The project, valued at kroner 2.4bn ($280mn), will involve the construction of a water injection plant in order to aid recovery, Equinor said in a July 16 statement announcing the decision. A new production well will also be drilled. These additions will extend the field’s life by three years until 2032, the company said.
“Water injection will improve recovery from the reservoir and utilise existing infrastructure on the field. This is a robust and good project,” Tom Elseth, Equinor’s project director at Gudrun, commented.

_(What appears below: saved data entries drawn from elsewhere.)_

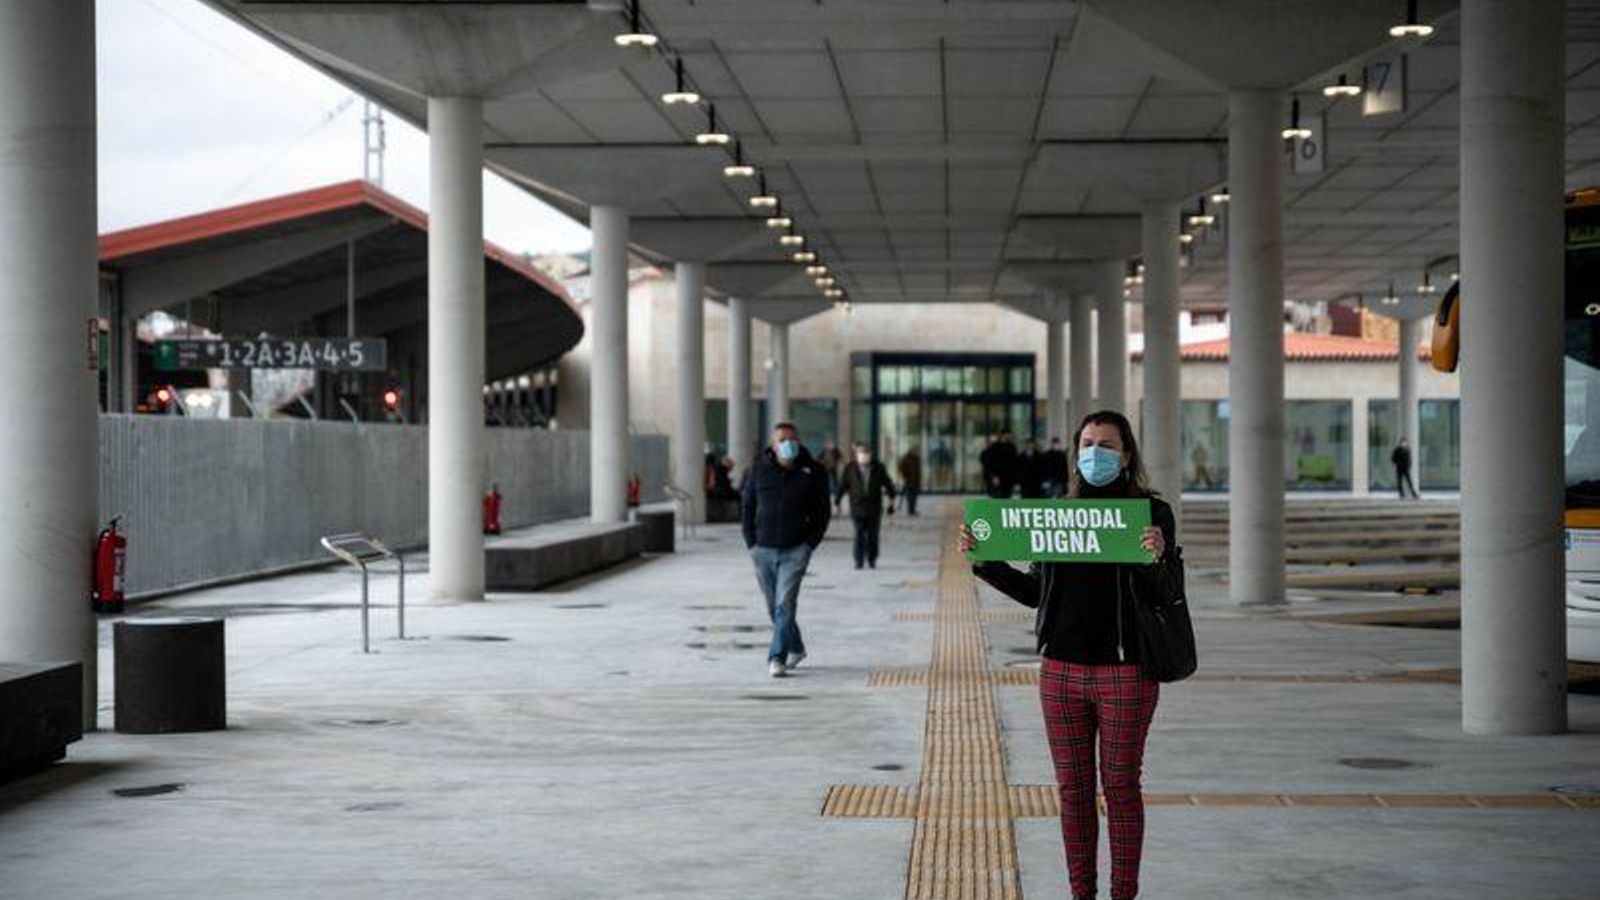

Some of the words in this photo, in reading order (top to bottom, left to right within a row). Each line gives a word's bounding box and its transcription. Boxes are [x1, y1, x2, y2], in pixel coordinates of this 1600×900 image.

[1375, 62, 1391, 95] 7
[1001, 507, 1127, 529] INTERMODAL
[1030, 529, 1102, 553] DIGNA
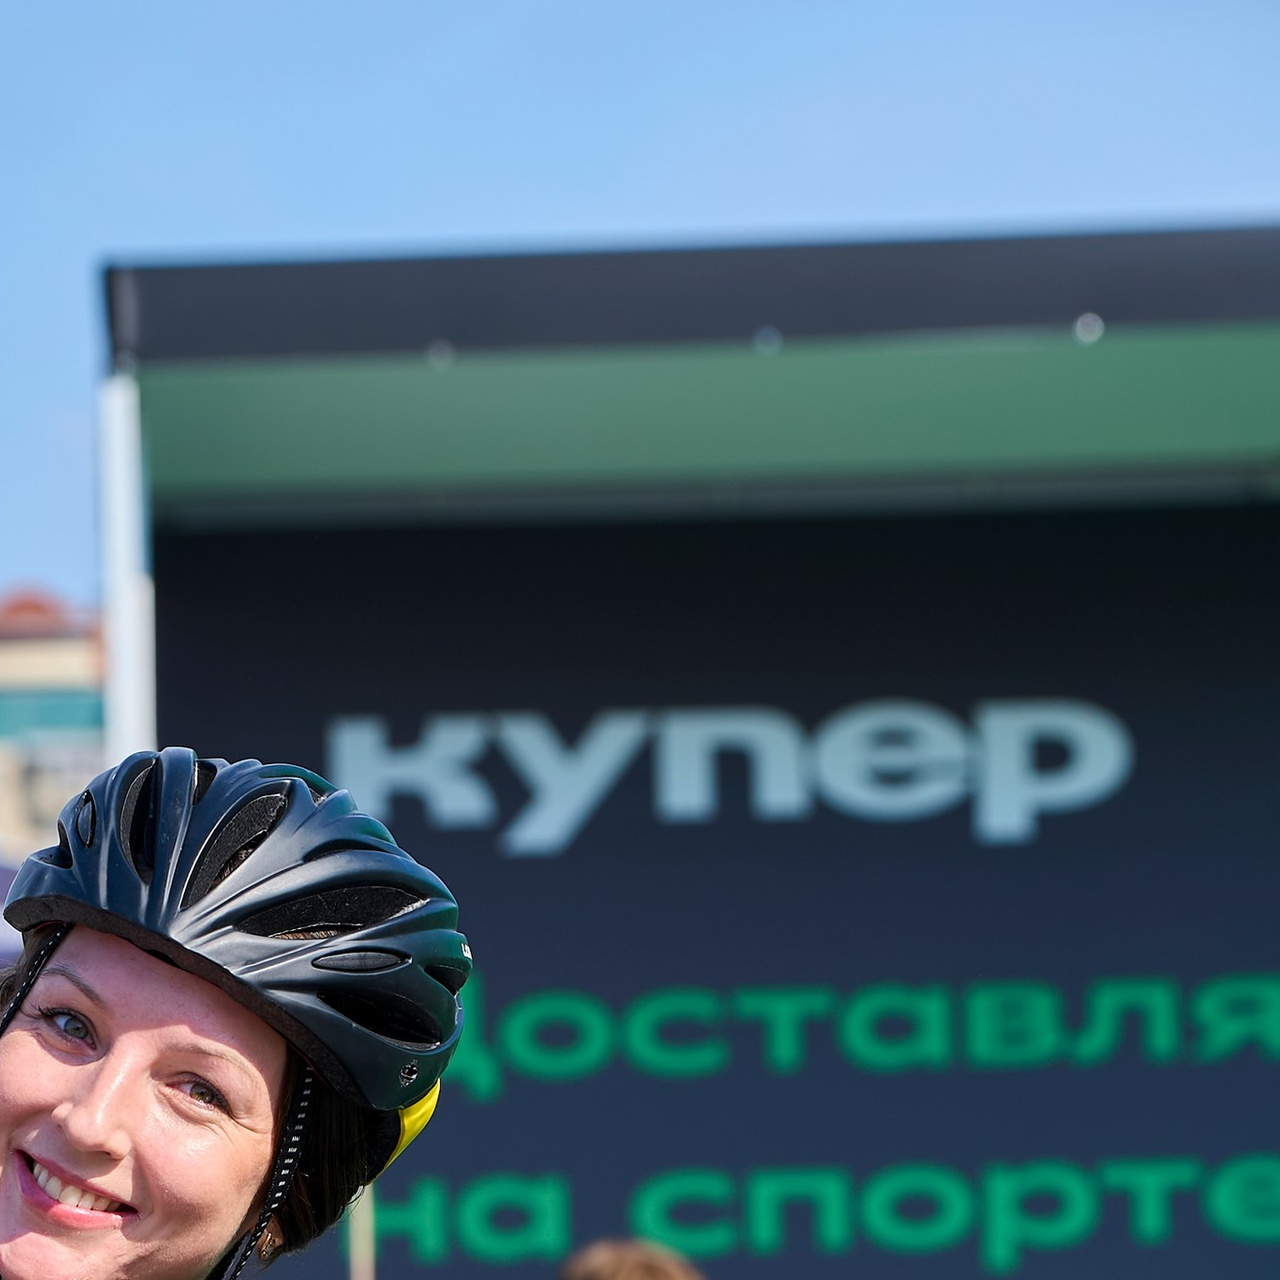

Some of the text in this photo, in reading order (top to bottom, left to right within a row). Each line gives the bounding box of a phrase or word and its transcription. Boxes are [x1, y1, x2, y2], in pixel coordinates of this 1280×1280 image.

[324, 698, 1133, 858] купер
[344, 1154, 1280, 1276] на спорте
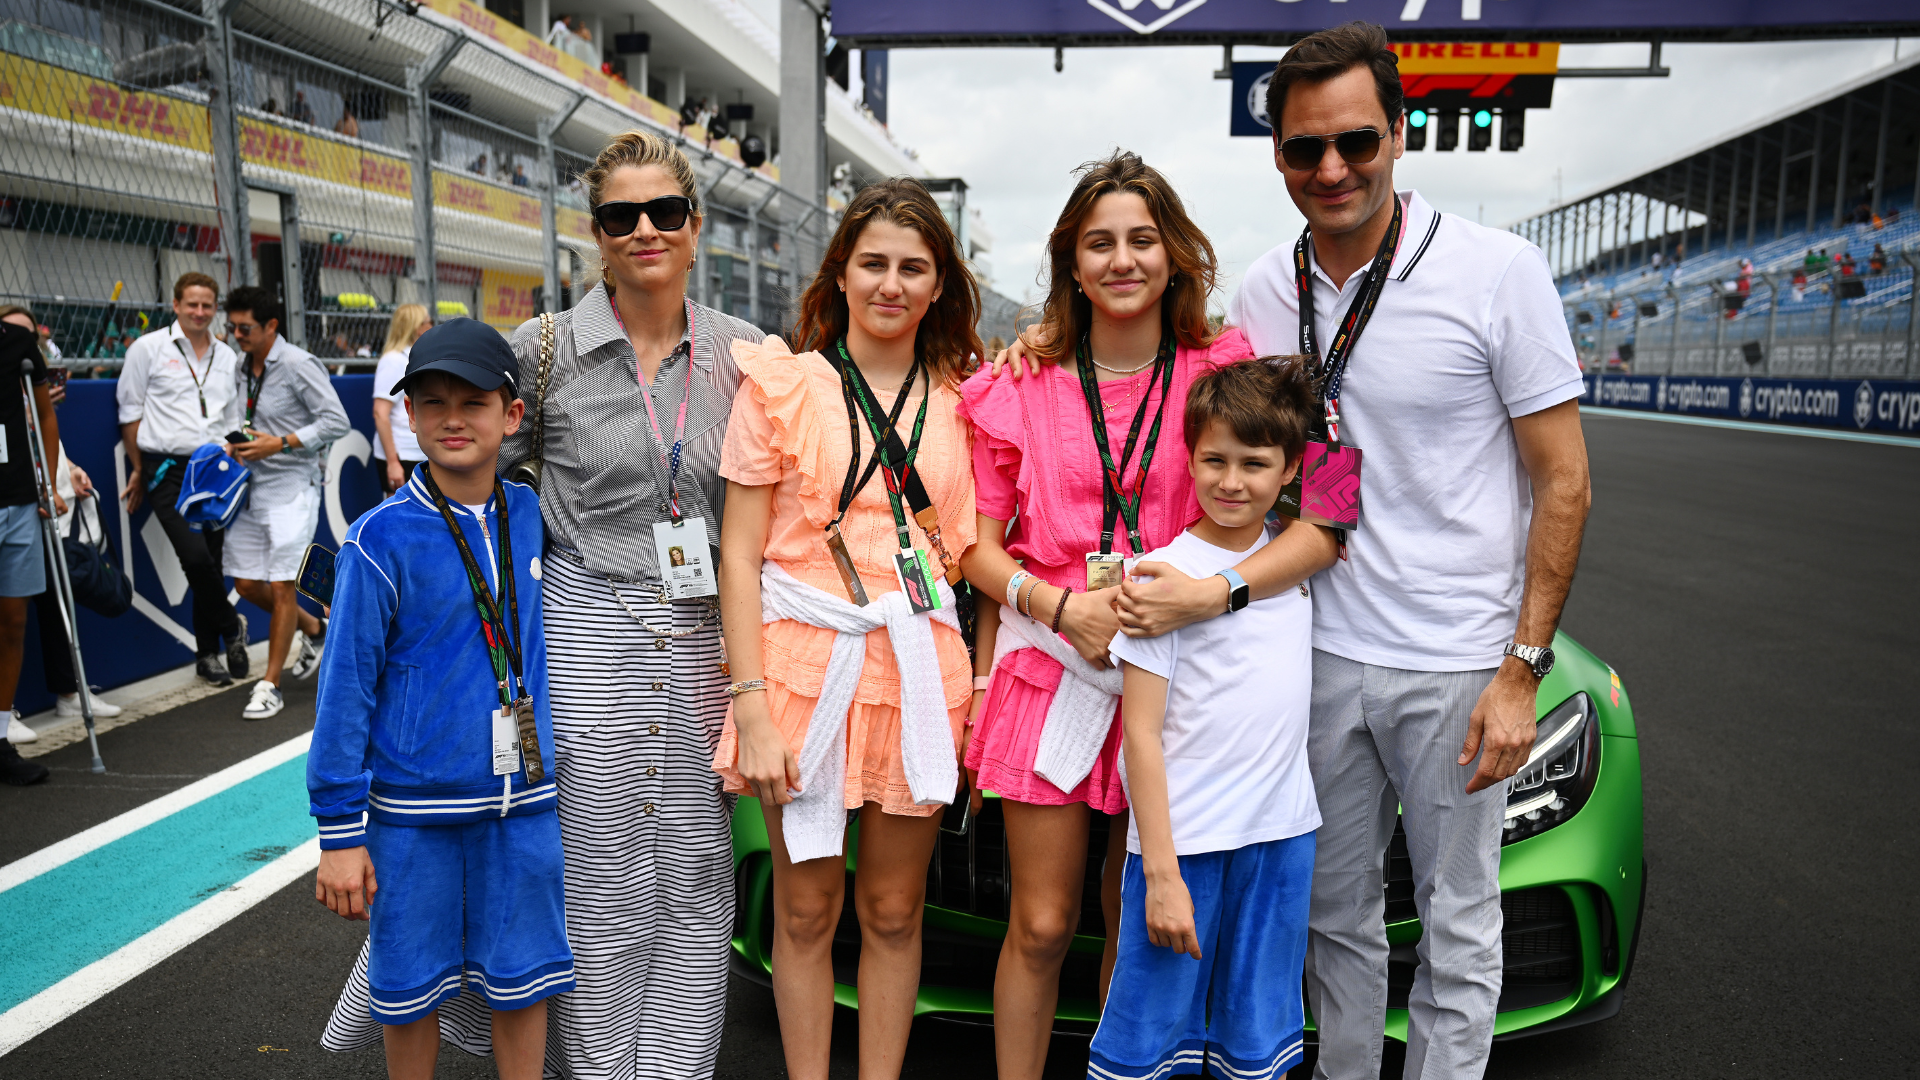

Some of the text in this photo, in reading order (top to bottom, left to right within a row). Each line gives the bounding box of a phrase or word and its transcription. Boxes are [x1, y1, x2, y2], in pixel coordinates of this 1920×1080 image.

Gudrun lies in production licence 025 in the central part of the North Sea, some 55 km from Equinor’s Sleipner installations. It holds 184mn boe of oil and gas in high-pressure and high-temperature reservoirs. Production began in 2014 and takes place at a single fixed platform.
Equinor operates licence 025 with a 36% stake, and is joined by London-based Neptune Energy which has 25%, Austria’s OMV with 24% and Spain’s Repsol with 15%.
Stavanger-based service group Aibel has been handed an engineering, procurement, construction and installation (EPCI) contract for the water injection plant, according to Equinor. The deal is worth kroner 500mn ($58.4mn) and work is slated to start immediately, with up to 160 personnel being employed onshore and offshore at the project’s peak.
"The accommodation on the Gudrun platform is small. To be able to carry out offshore modifications and complete the work by 2021, we must use the Rowan Stavanger rig while it is carrying out scheduled production drilling on the field,” Elseth added.